When it comes to planning the future, most of us are historians.
We all know how it works.
“How are you?”
“Oh, you know… It was a tough weekend and then I had some really tricky stuff to do at work this week and my boss is always a nightmare, so I guess I’m pretty tired.”
It starts with little things. Someone asks us how we are and the answer we actually give is how we have been, not how we are now. What’s wrong with that?
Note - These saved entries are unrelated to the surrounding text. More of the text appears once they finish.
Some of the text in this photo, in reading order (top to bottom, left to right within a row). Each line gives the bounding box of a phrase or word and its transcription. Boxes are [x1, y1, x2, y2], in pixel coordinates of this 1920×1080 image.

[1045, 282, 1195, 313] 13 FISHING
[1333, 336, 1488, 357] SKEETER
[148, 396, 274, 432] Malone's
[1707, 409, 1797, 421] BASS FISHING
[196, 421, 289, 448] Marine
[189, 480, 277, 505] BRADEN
It keeps us in the cycle of how things used to be, throwing away any chance of changing them.
We “tell it how it is” – or even worse – “tell it how it was”.
And then we build in another layer – I call it the “I’ll feel happy when…” syndrome.
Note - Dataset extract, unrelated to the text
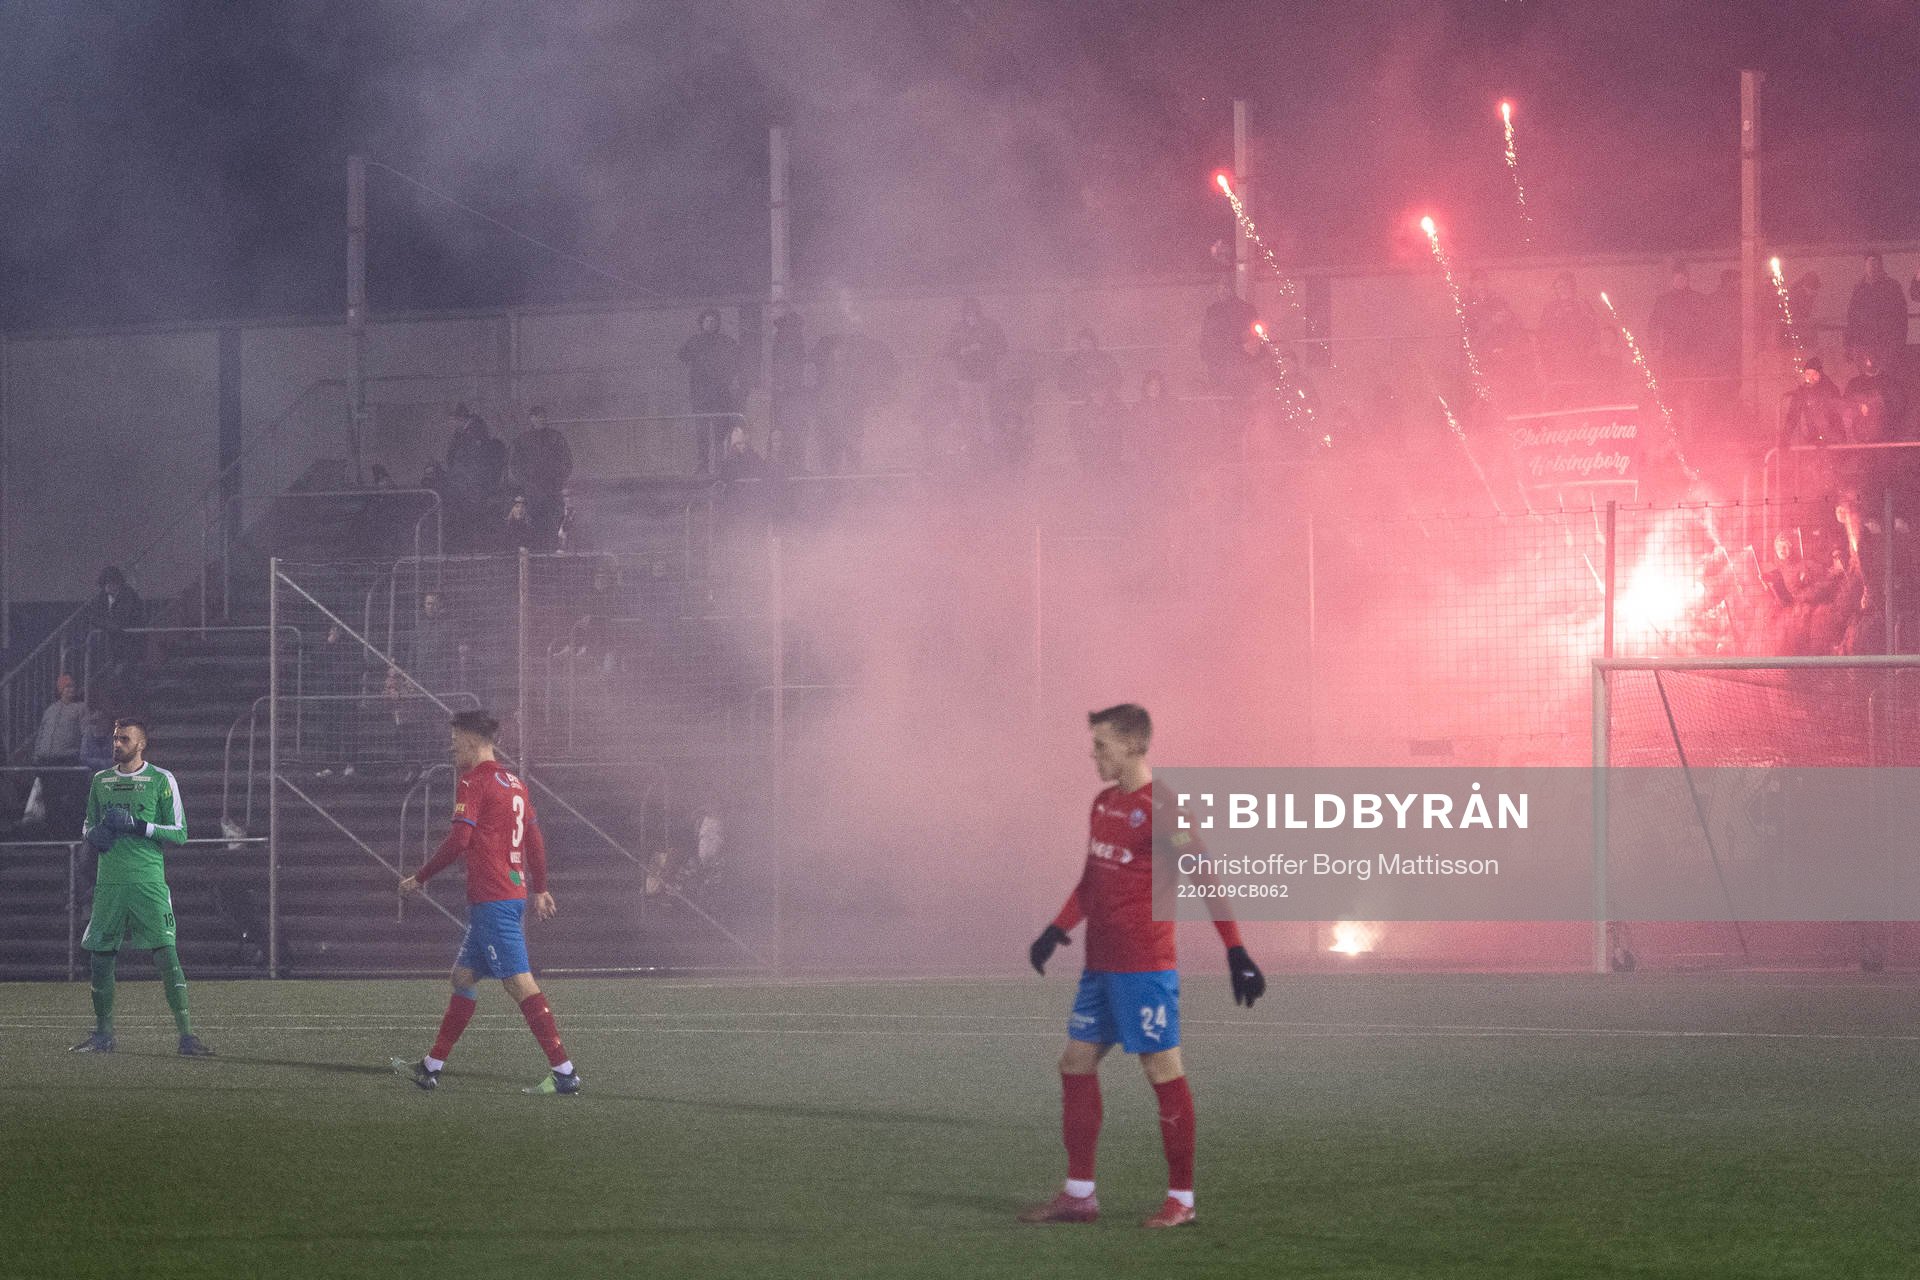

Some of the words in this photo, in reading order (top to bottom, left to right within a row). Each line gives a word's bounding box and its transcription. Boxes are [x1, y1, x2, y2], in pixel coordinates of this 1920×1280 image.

[512, 795, 524, 847] 3
[162, 912, 175, 928] 18
[487, 944, 498, 961] 3
[1140, 1004, 1168, 1032] 24
“I’ll feel happy when I get the job / relationship / payrise / car / home…”
It’s like happiness is a job we’re always putting off to some unspecified time in the future.
We find ourselves repeating the same patterns of behaviour, the same relationship cycles, the same mistakes.
When we worry about how the future might be, based on how the past was, we’re potentially throwing away any chance to make things different next time. We’re experts on our past – historians, analysing where it all went wrong. But that can keep us trapped with things we can’t change, missing out on the chance to steer things in a new direction.
“Worrying is a way of creating a future you don’t really want.”
The problem is simple:
Most of us are too busy being historians to deliberately plan and create our future.
Imagine a life where we actually learn from the past, history doesn’t repeat itself and we move towards our dreams? Imagine finding yourself where you want to be, more often than where you used to be?